Work item:
Could you transcribe each record below exactly as written, setting the pictures aside?

(Saved entries)
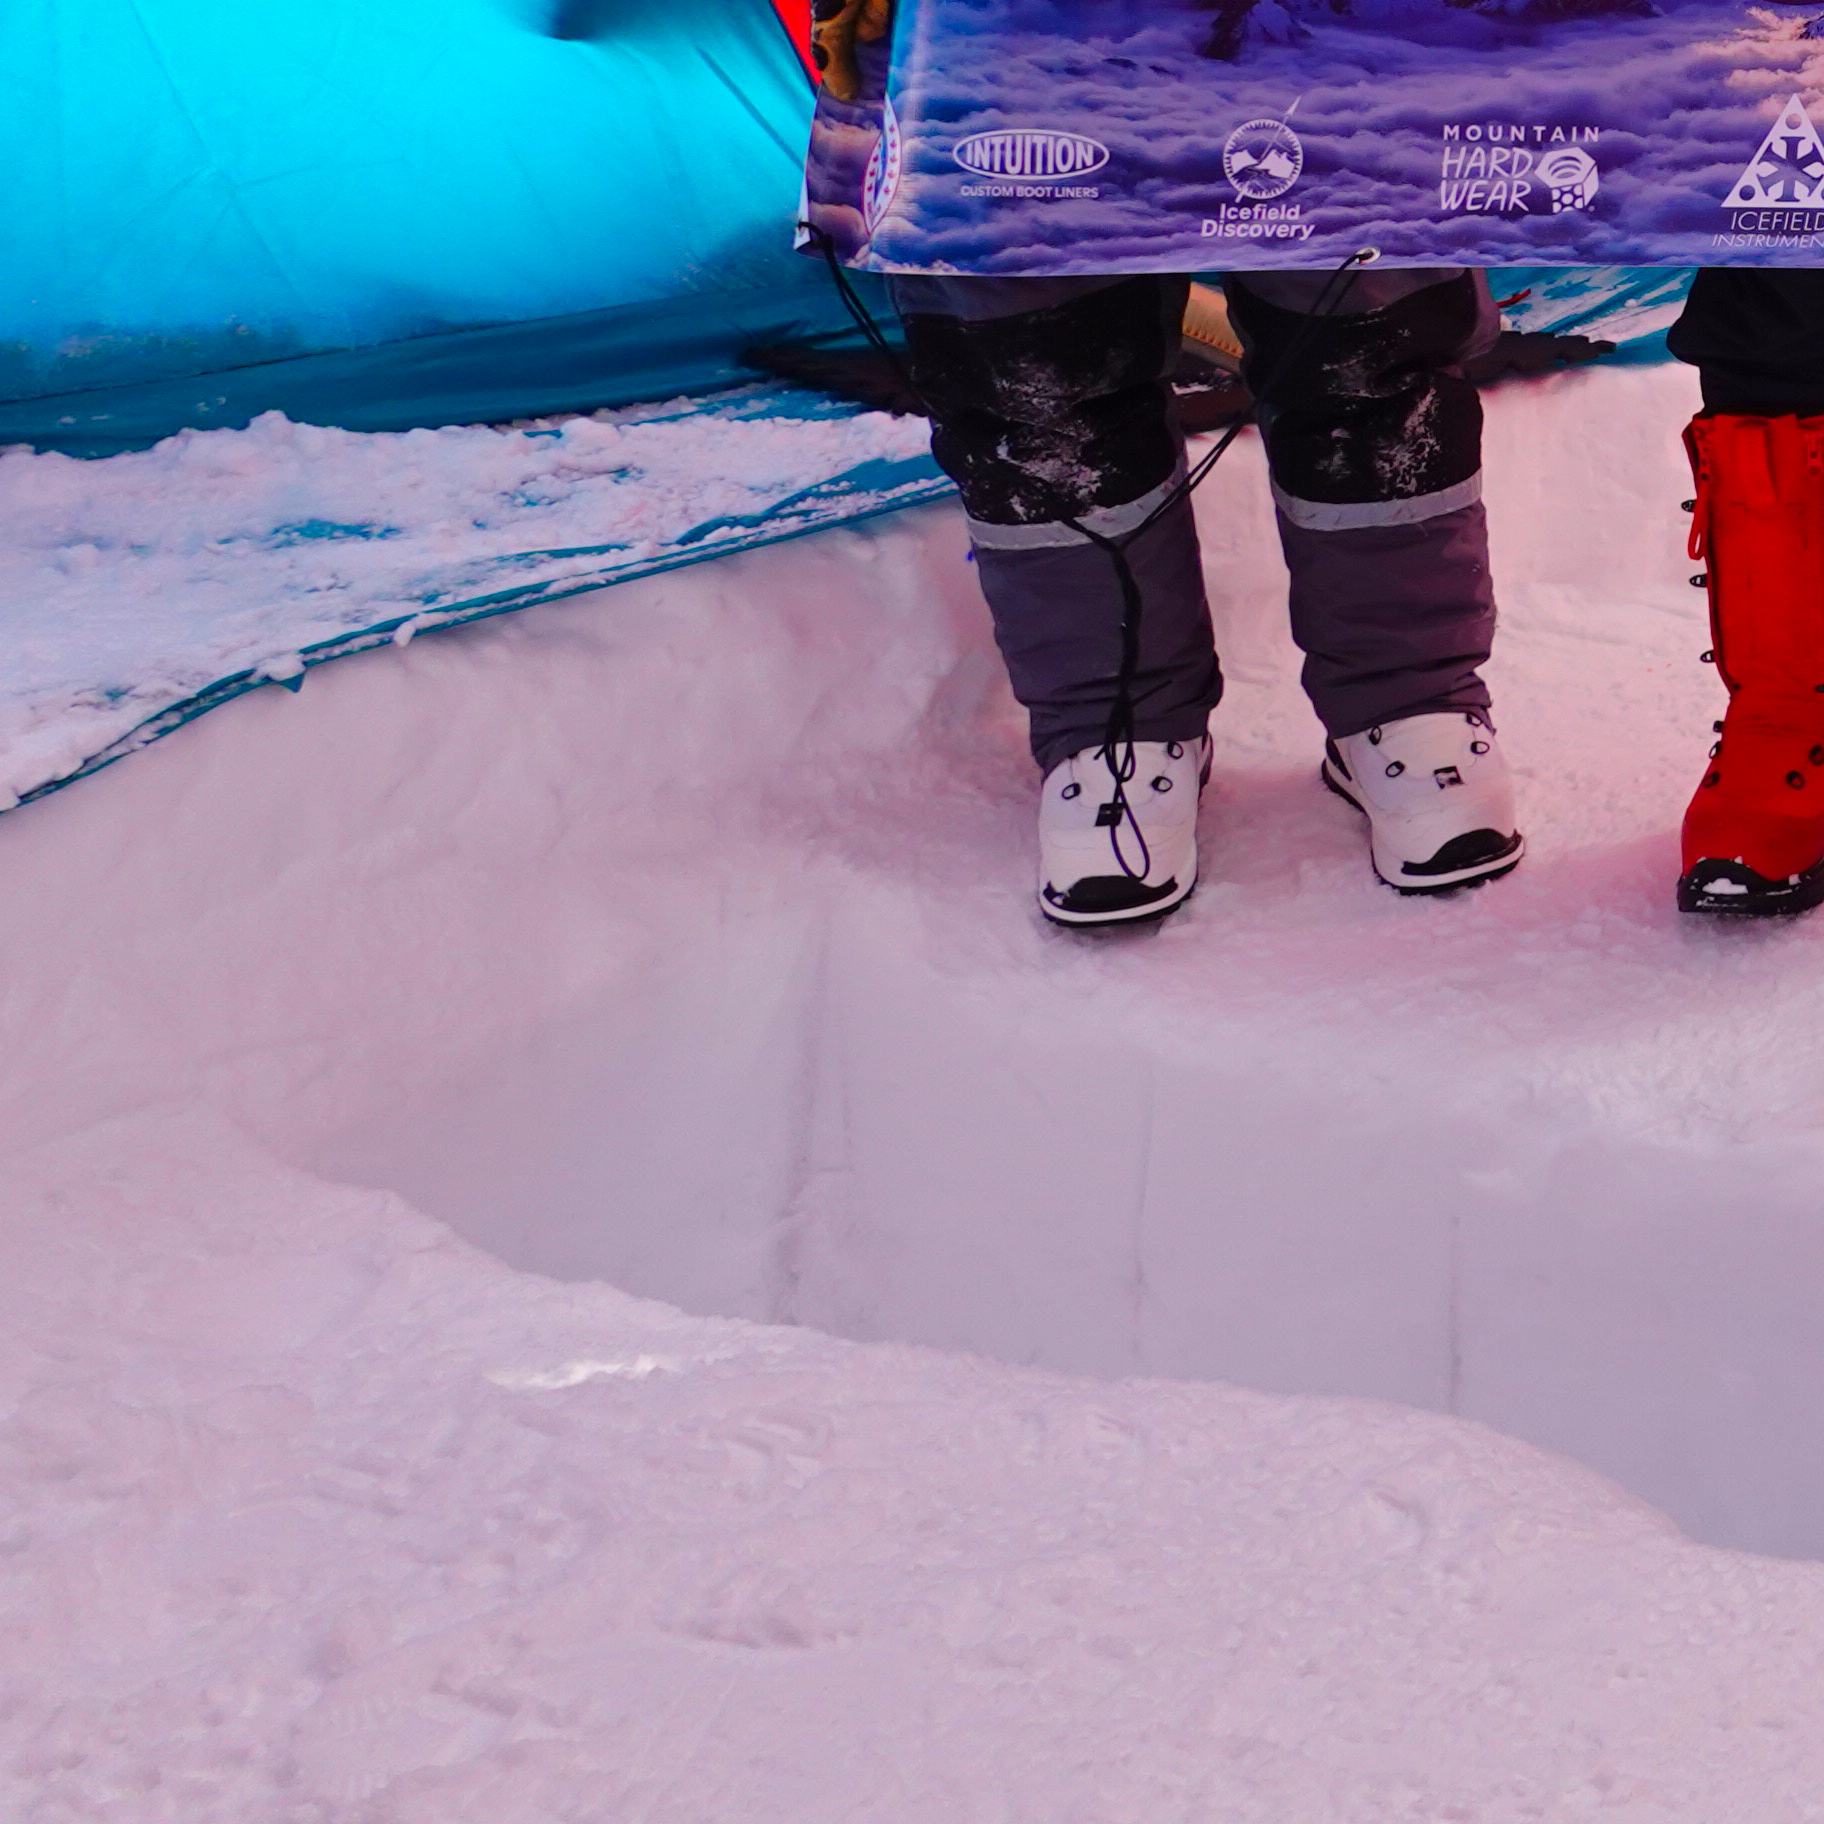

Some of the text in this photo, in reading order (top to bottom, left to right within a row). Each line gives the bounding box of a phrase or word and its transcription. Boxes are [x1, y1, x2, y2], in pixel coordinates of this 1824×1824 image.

[1442, 124, 1600, 143] MOUNTAIN
[966, 134, 1094, 175] INTUITION
[1441, 146, 1534, 179] HARD
[960, 185, 1099, 199] CUSTOM BOOT LINERS
[1439, 178, 1532, 212] WEAR
[1219, 203, 1301, 221] Icefield
[1200, 218, 1316, 241] Discovery
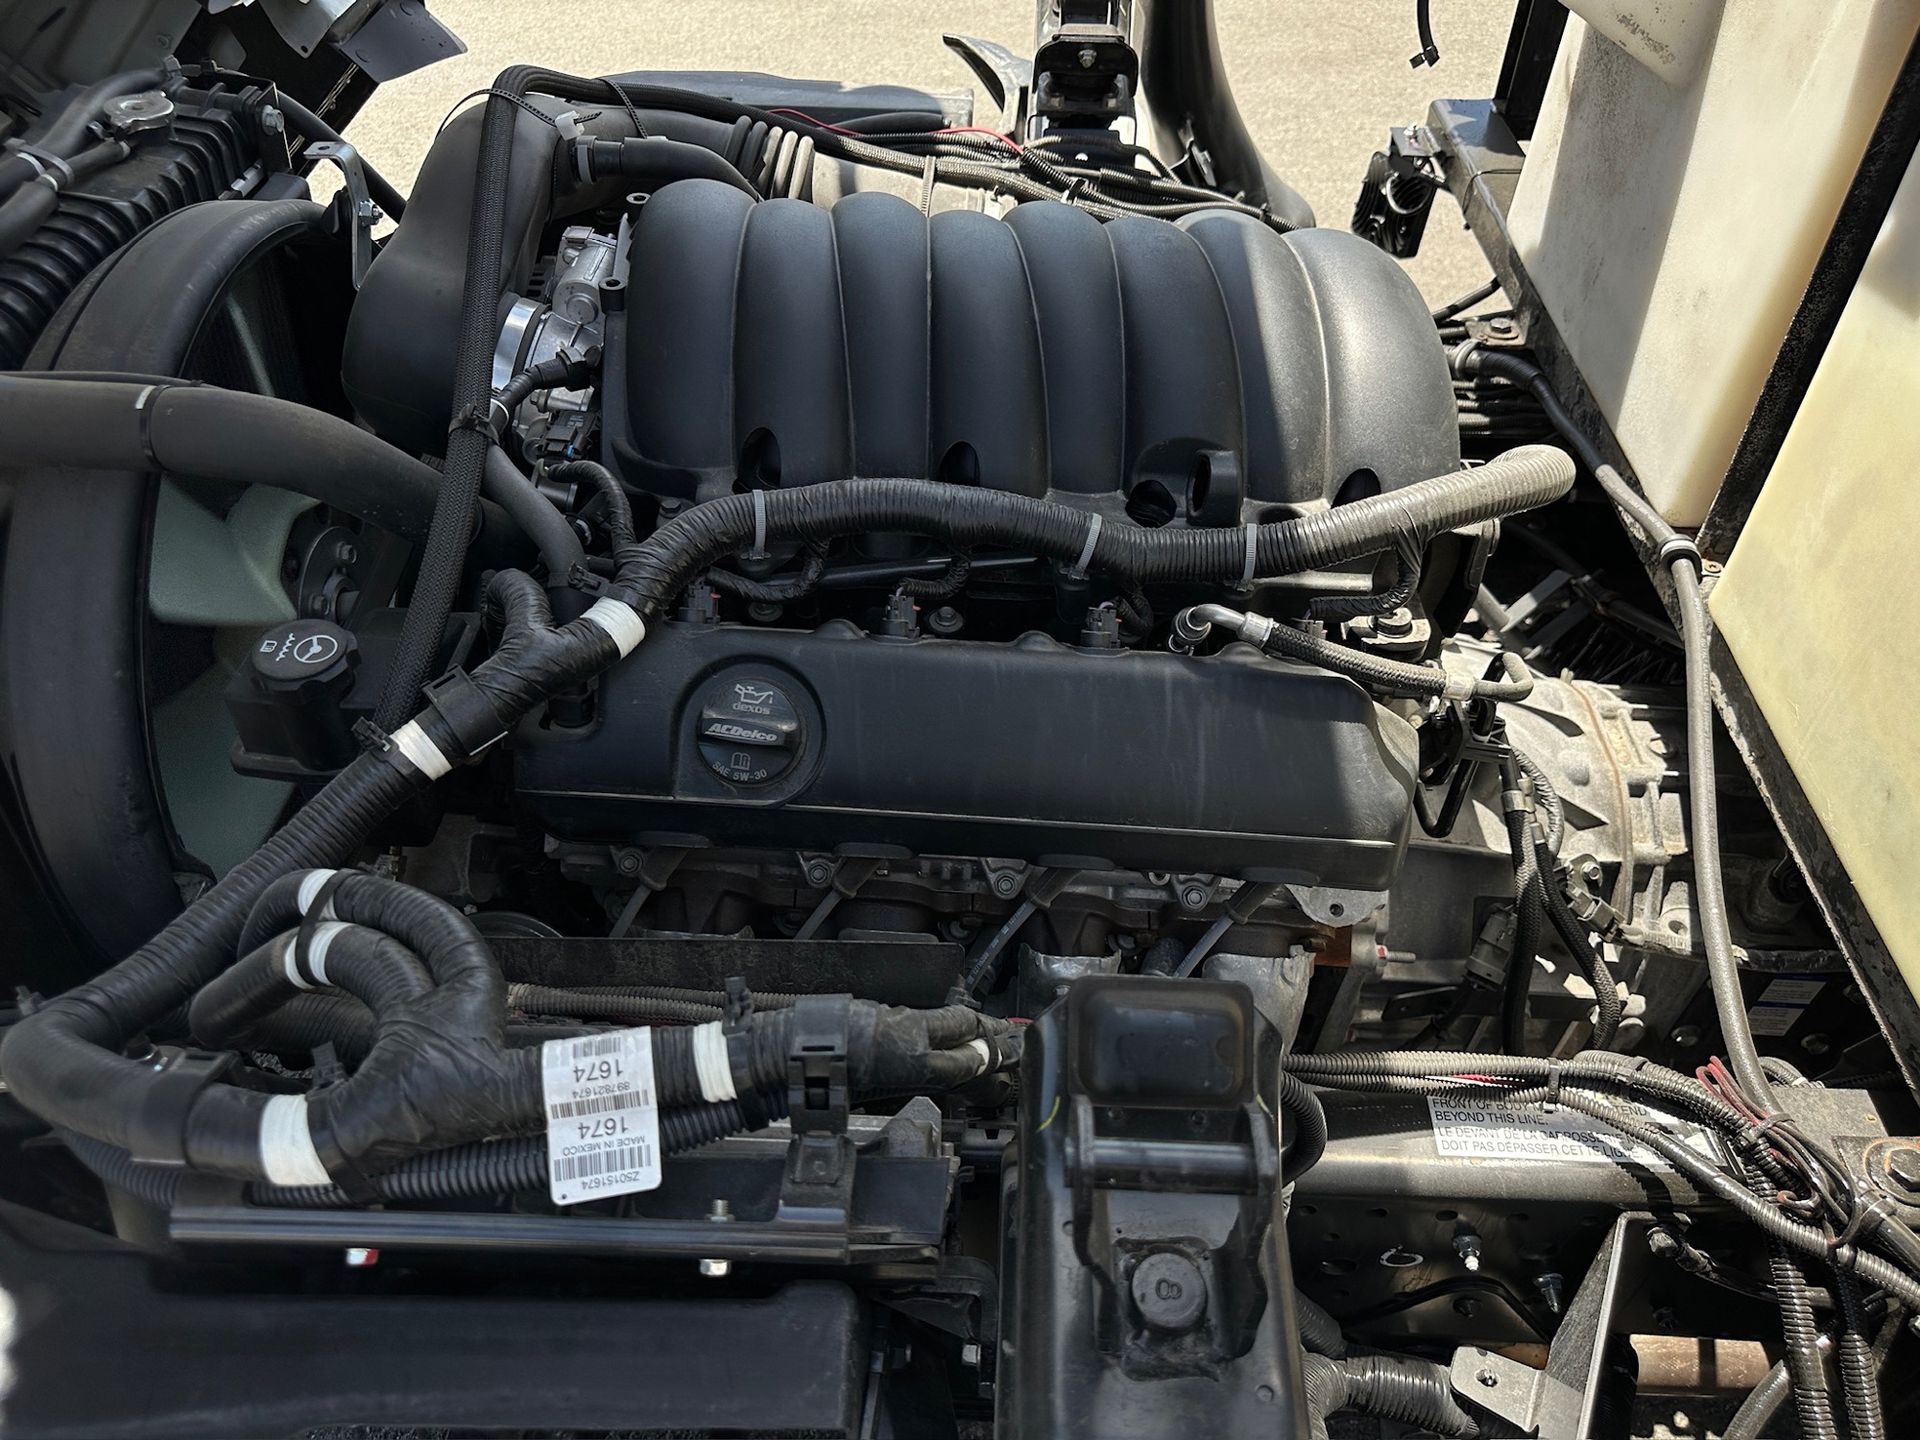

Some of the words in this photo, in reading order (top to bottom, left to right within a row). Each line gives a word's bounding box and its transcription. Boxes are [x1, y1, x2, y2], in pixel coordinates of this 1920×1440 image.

Result of this exercise:
Some of the text in this photo, in reading order (top to bottom, left to right within a row). Each line gives the bounding box of a phrase or word and its transcription. Boxes are [x1, y1, x2, y2], in pixel coordinates of this 1824×1824 image.

[1442, 124, 1600, 143] MOUNTAIN
[966, 134, 1094, 175] INTUITION
[1441, 146, 1534, 179] HARD
[960, 185, 1099, 199] CUSTOM BOOT LINERS
[1439, 178, 1532, 212] WEAR
[1219, 203, 1301, 221] Icefield
[1200, 218, 1316, 241] Discovery

Some of the words in this photo, in reading order (top to bottom, left to right within a row). Each line gives a word's bounding box and its transcription. Boxes are [x1, y1, x2, y2], in pixel coordinates of this 1920×1440 image.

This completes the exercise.